Secondly, ALJ Grossman did not cite substantial medical evidence in the record to support his conclusion that Rodriguez can perform sedentary work. The six documents he cited, in a medical record nearly 700 pages long, pertain to minor follow-up appointments in which no primary diagnoses were made. One document relied on by ALJ Grossman is from a Rodriquez visit with Dr. Sotelo-Garza, a treating physician whose findings he accorded little weight overall. (Tr. at 19). ALJ Grossman does not explain how he decided to discount Dr. Sotelo-Garza's assessments generally, but rely on this one in particular. Another document cited by ALJ Grossman is a routine examination performed during an office visit Rodriguez made to fill out paperwork on August 16, 2012. (Id. at 922). A third document relied on by ALJ Grossman is from a Rodriquez office visit to have his medication refilled on July 5, 2012. (Id. at 930). These last two documents do not contain detailed information about Rodriguez's orthopedic or psychiatric impairments, and do not appear to be related to visits whose purpose was diagnostic.

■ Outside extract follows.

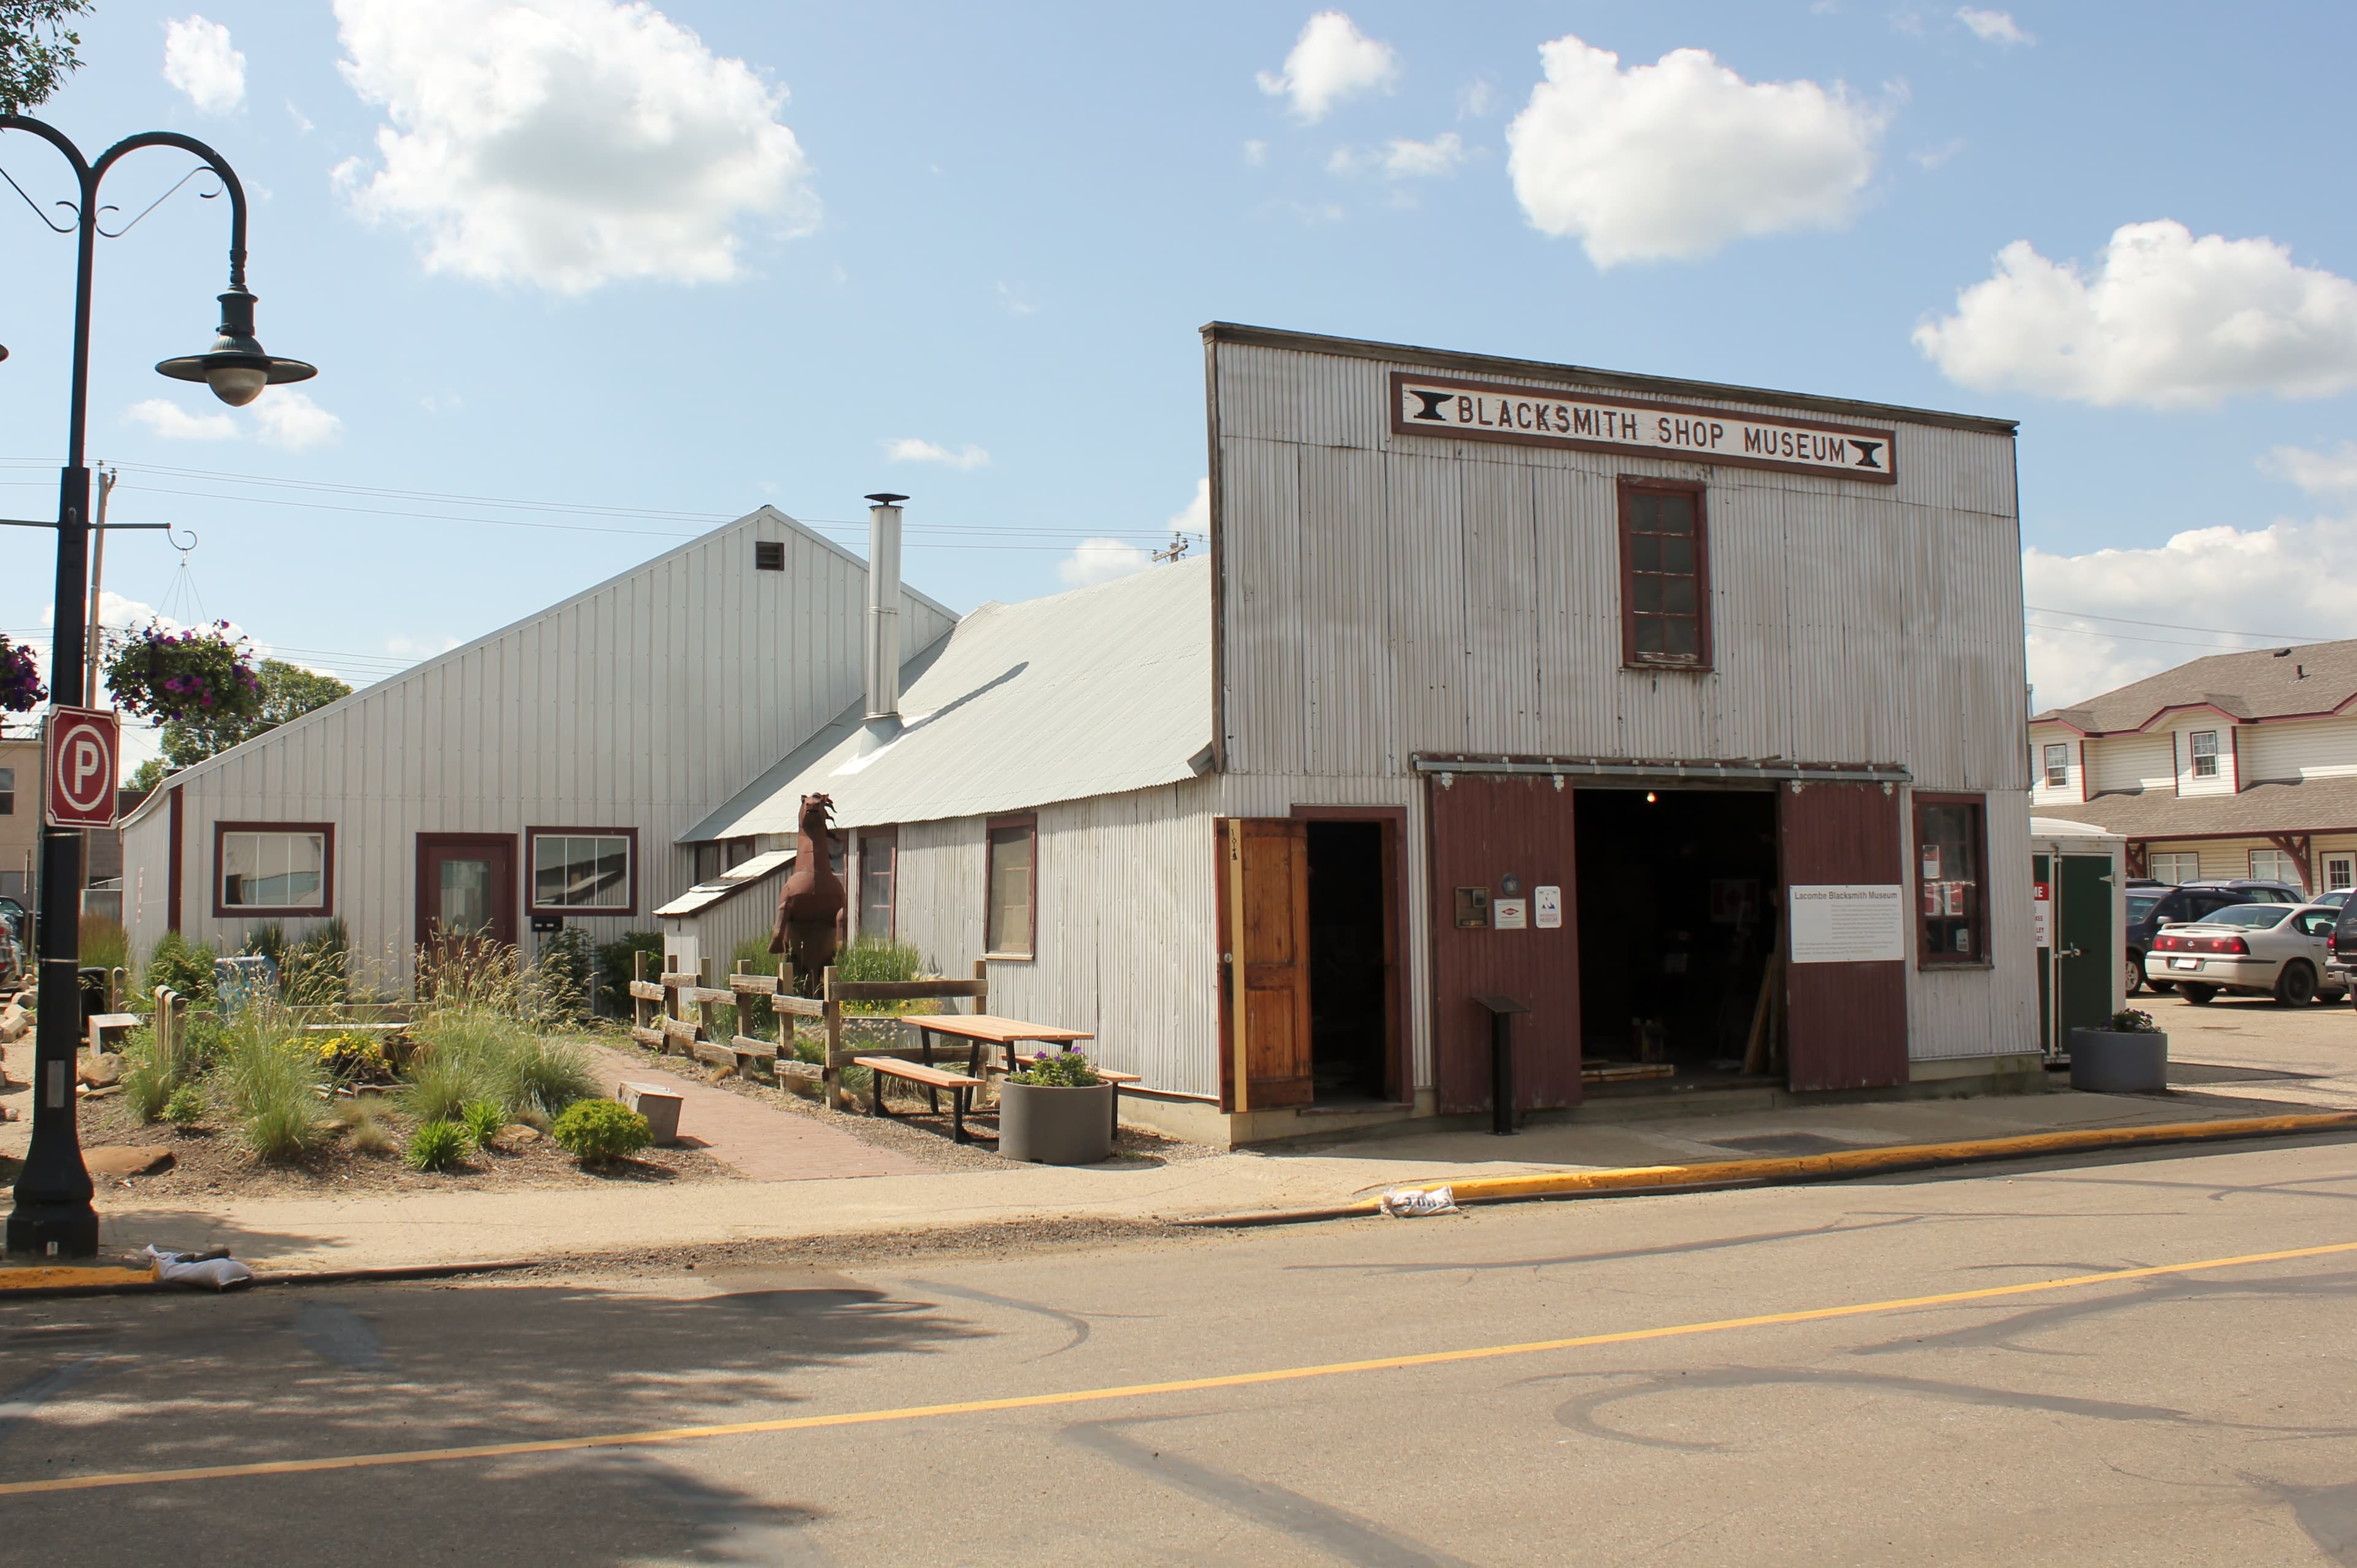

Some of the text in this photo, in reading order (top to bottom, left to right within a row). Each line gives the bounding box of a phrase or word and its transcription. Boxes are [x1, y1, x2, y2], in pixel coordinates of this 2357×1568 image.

ALJ Grossman cites a line from the August 16, 2012 report that Rodriguez was "negative for joint swelling and muscle weakness." No specifics are provided. Further, that note does not appear in the "physical examination" portion of the report, but rather in the "review of systems" section, which contains information that is more likely self-reported than directly observed (for instance, "negative for constipation" and "negative for cold intolerance and heat intolerance" also appear in this section). (Id. at 923). This short and ambiguous line is insufficient to establish "an overall pattern of evidence" that Rodriguez's impairments were not disabling. (Id. at 18); McClain v. Barnhart, 299 F. Supp. 2d 309, 326-27 (S.D.N.Y. 2004) (exclusive focus on "positive snippets" of a record that otherwise contains a "significant quantity" of evidence suggesting disability does not meet the substantial evidence standard); Ferraris, 728 F.2d at 587 ("[T]he crucial factors in any determination must be set forth with sufficient specificity to enable [a reviewing court] to decide whether the determination is supported by substantial evidence."). ALJ Grossman also refers to a note from the July 5, 2012 examination, made during a visit to refill medication, that Rodriguez's gait was "normal," (Tr. At 18.), but fails to include that Rodriguez's spine was tender and that he had muscle spasms in his back. (Id. at 932).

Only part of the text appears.